▶ EXERCISE DIRECTIONS: Pictures are not part of the copy; retype all the records below exactly.

══════════════════════════════

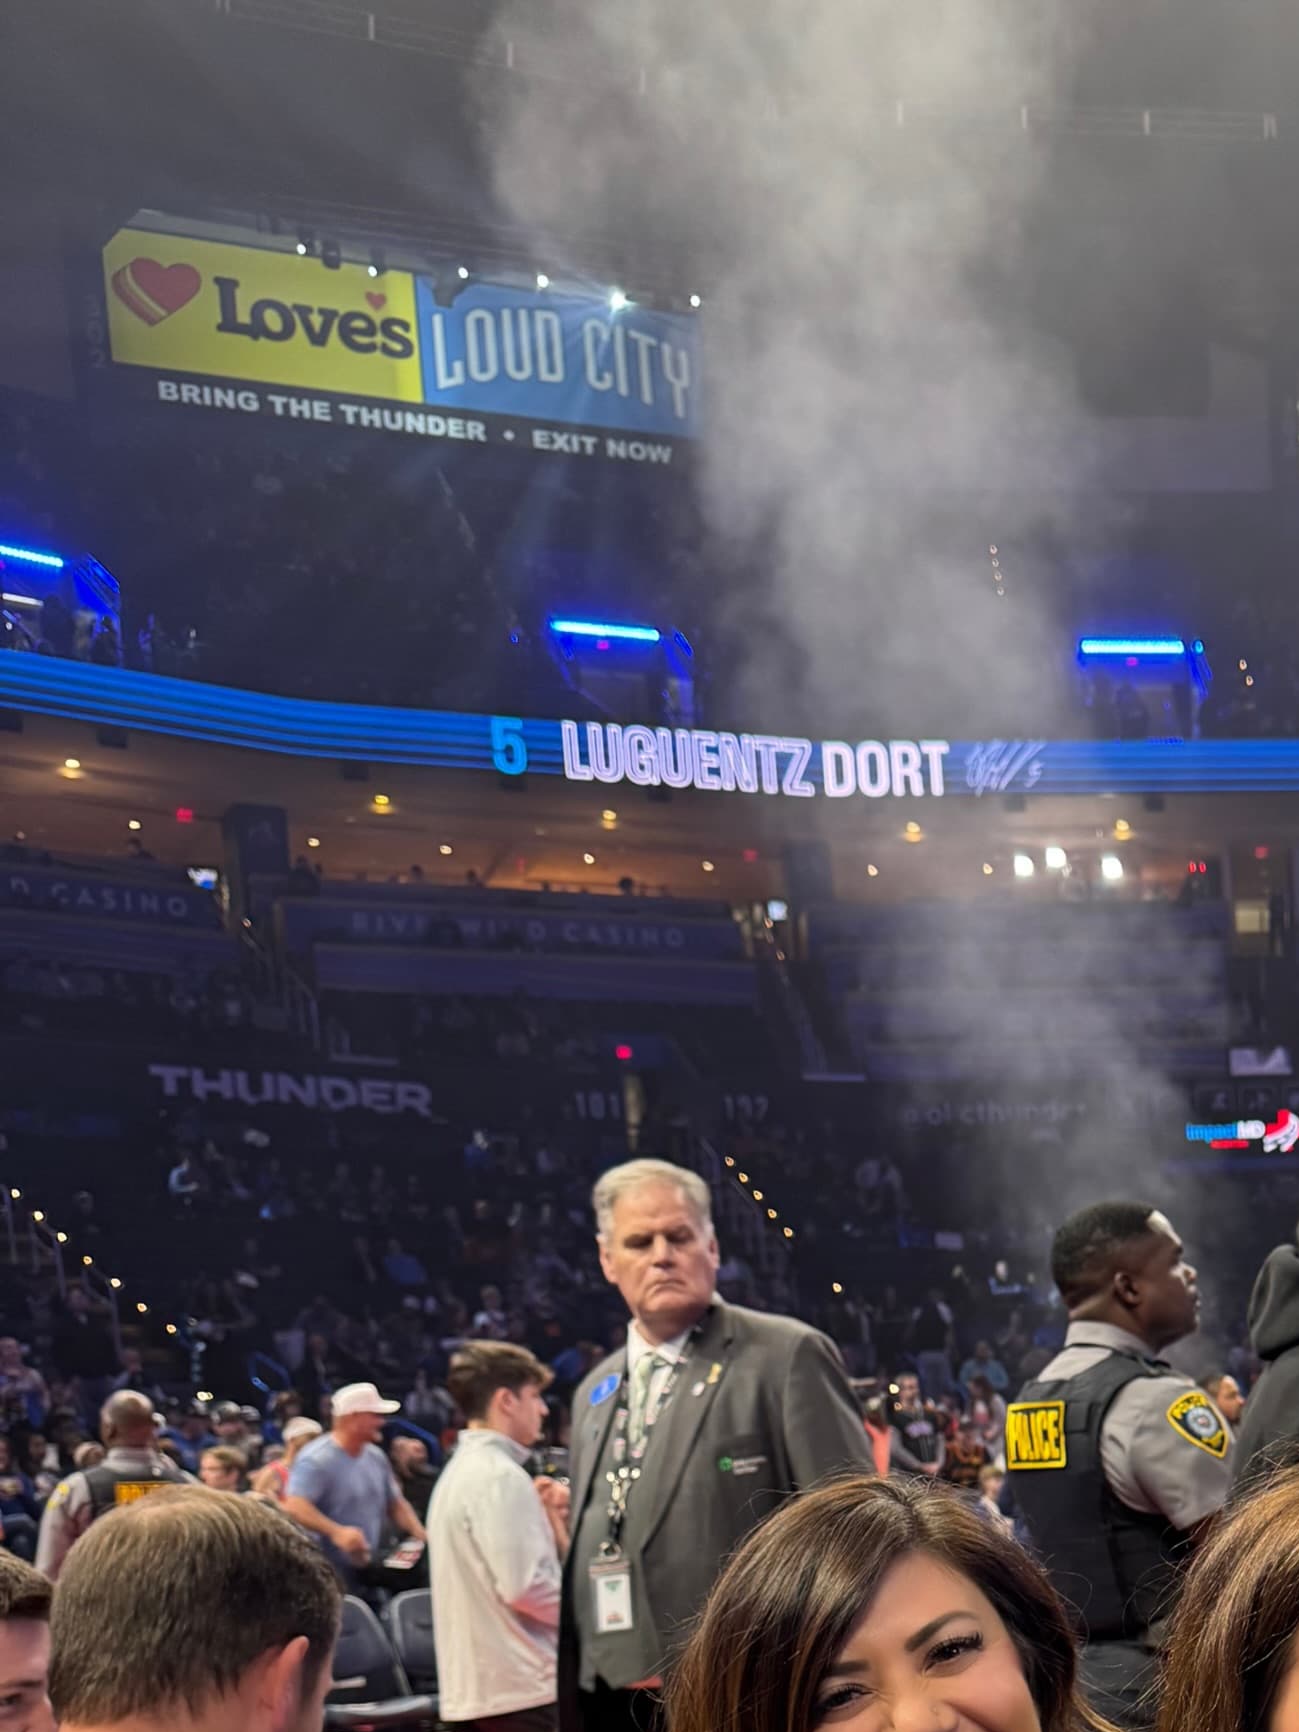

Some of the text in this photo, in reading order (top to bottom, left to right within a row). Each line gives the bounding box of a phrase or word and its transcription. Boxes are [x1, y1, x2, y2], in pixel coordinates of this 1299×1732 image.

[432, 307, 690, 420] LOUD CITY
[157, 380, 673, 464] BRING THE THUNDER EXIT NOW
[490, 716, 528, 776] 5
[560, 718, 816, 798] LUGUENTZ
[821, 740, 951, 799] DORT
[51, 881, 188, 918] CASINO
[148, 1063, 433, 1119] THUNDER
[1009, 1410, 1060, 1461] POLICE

══════════════════════════════

▶ TASK ANSWER:
Some of the text in this photo, in reading order (top to bottom, left to right within a row). Each line gives the bounding box of a phrase or word and its transcription. Boxes are [x1, y1, x2, y2], in pixel coordinates of this 1299×1732 image.

[432, 307, 690, 420] LOUD CITY
[157, 380, 673, 464] BRING THE THUNDER EXIT NOW
[490, 716, 528, 776] 5
[560, 718, 816, 798] LUGUENTZ
[821, 740, 951, 799] DORT
[51, 881, 188, 918] CASINO
[148, 1063, 433, 1119] THUNDER
[1009, 1410, 1060, 1461] POLICE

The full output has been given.